Evolution & trajectory

How they've shifted over time

Early focus
Lignocellulosic biorefinery bioprocessing
Recent focus
Plant cell biotech for cosmetics

Arterra's earliest H2020 engagement (Zelcor, 2016–2021) placed them inside a broad biorefinery consortium, contributing to the challenge of converting lignocellulosic waste — lignin-rich agricultural residues — into usable chemical outputs; the keywords from that period are sparse, suggesting a supporting rather than defining role. By their second project (InnCoCells, 2021–2025) the picture is far more specific: aeroponics, bioreactors, plant cell lines, secondary metabolites, and cosmetics point to a company that has crystallised its identity around controlled plant cultivation for premium ingredient production. The trajectory is a narrowing from general biomass bioprocessing toward a defensible niche — plant cell biotech for high-value, non-food applications — which is consistent with how successful biotech SMEs typically mature.

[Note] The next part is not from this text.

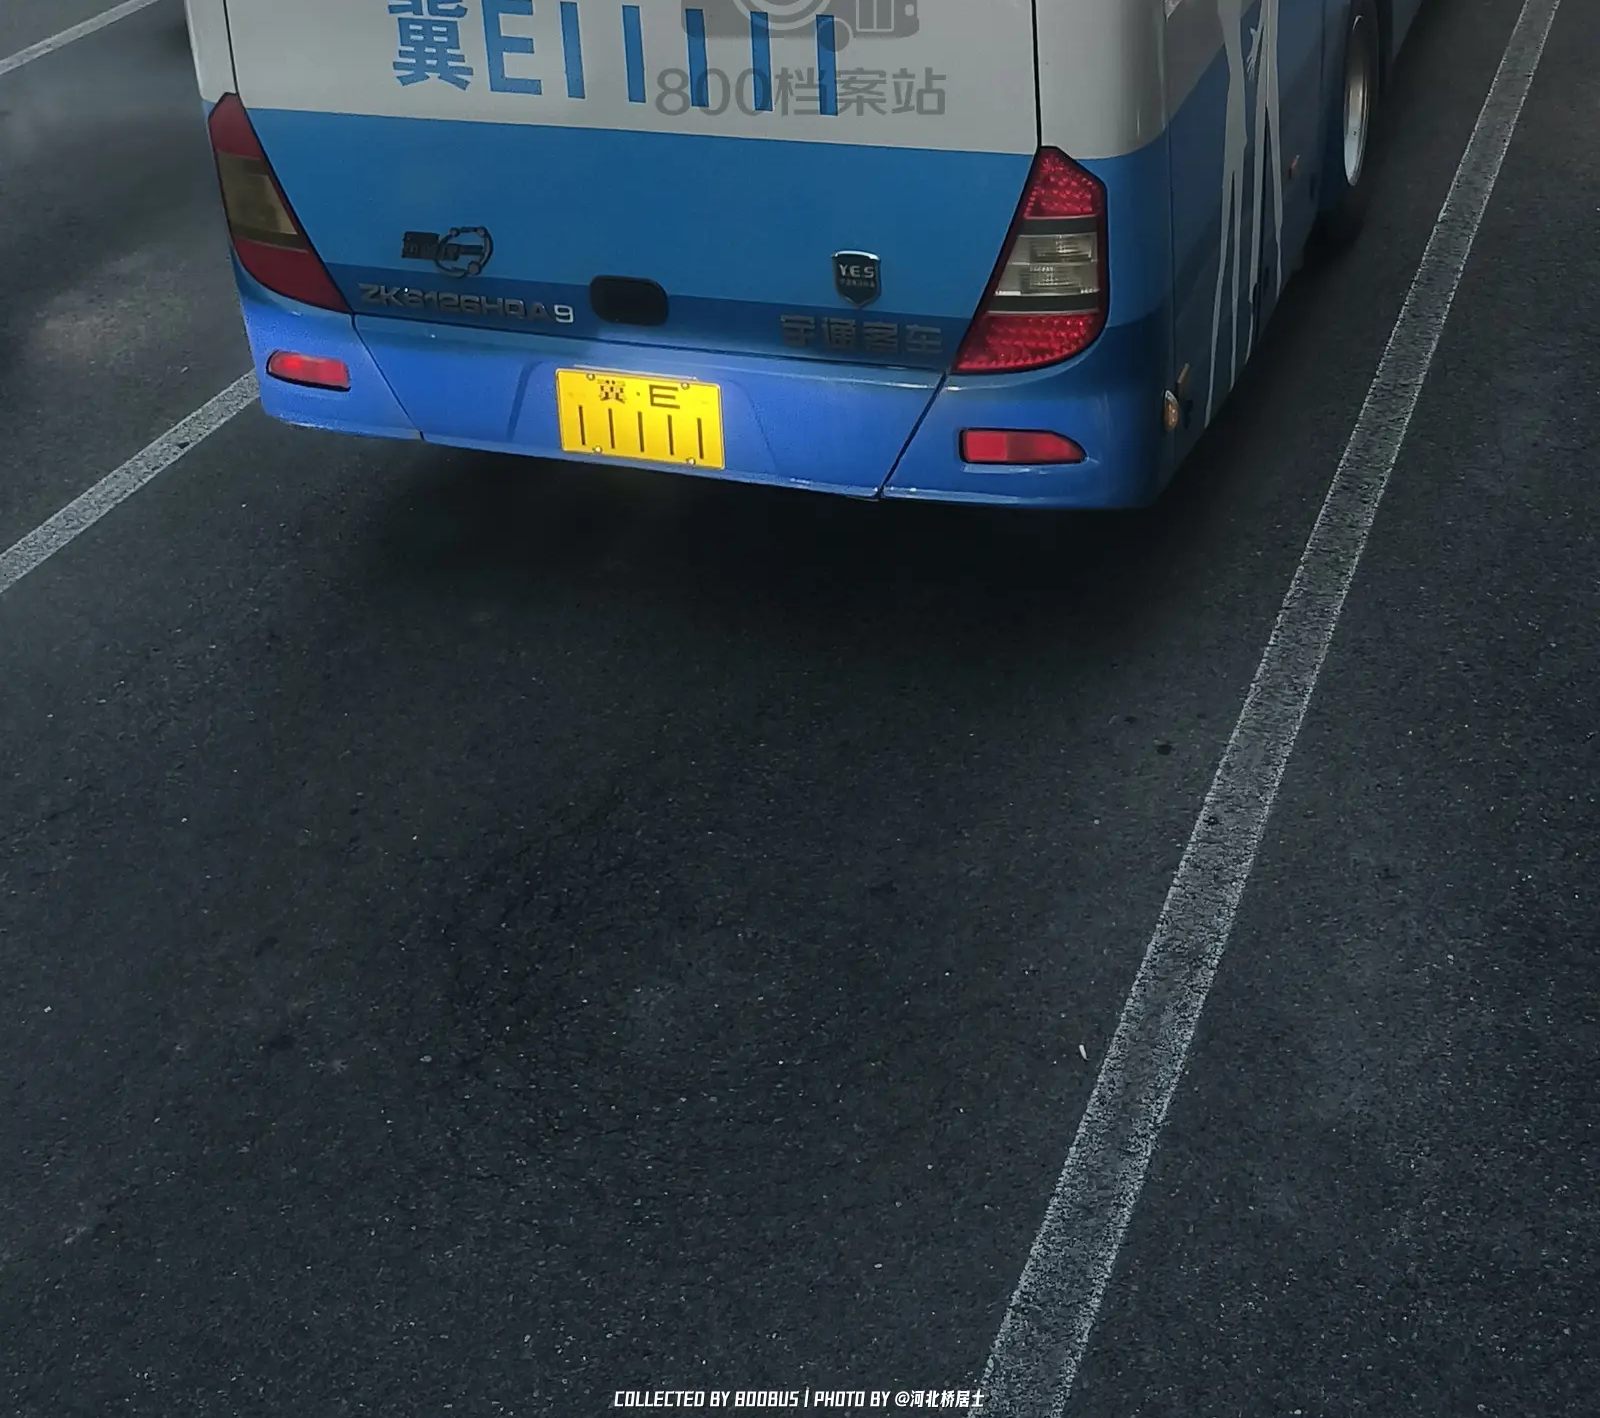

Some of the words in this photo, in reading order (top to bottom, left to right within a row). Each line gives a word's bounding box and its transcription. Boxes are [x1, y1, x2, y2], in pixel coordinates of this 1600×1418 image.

[839, 263, 876, 279] YES
[780, 314, 943, 354] 宇通客车

Arterra is moving deliberately toward high-margin plant-derived ingredients for the cosmetics and personal care industry, and future collaborators should expect their strongest contribution to be in controlled plant cell cultivation, metabolite characterisation, and the bioprocessing steps that connect lab-scale plant science to industrial supply chains.

Collaboration profile

How they like to work

Role: specialist_contributorReach: European13 countries collaborated

Arterra has operated exclusively as a consortium participant across both projects — they have not coordinated any H2020 project — which suggests they prefer to bring specialist biotechnology expertise into larger, multi-partner consortia rather than managing project administration and consortium governance. With 39 unique partners across 13 countries from just two projects, they clearly operate inside broad European coalitions rather than tight bilateral arrangements, indicating comfort working in complex multi-stakeholder environments. For a future partner, this means Arterra is likely a reliable specialist contributor who knows how to function within consortium rules, but may not yet have the organisational infrastructure or appetite to lead a project.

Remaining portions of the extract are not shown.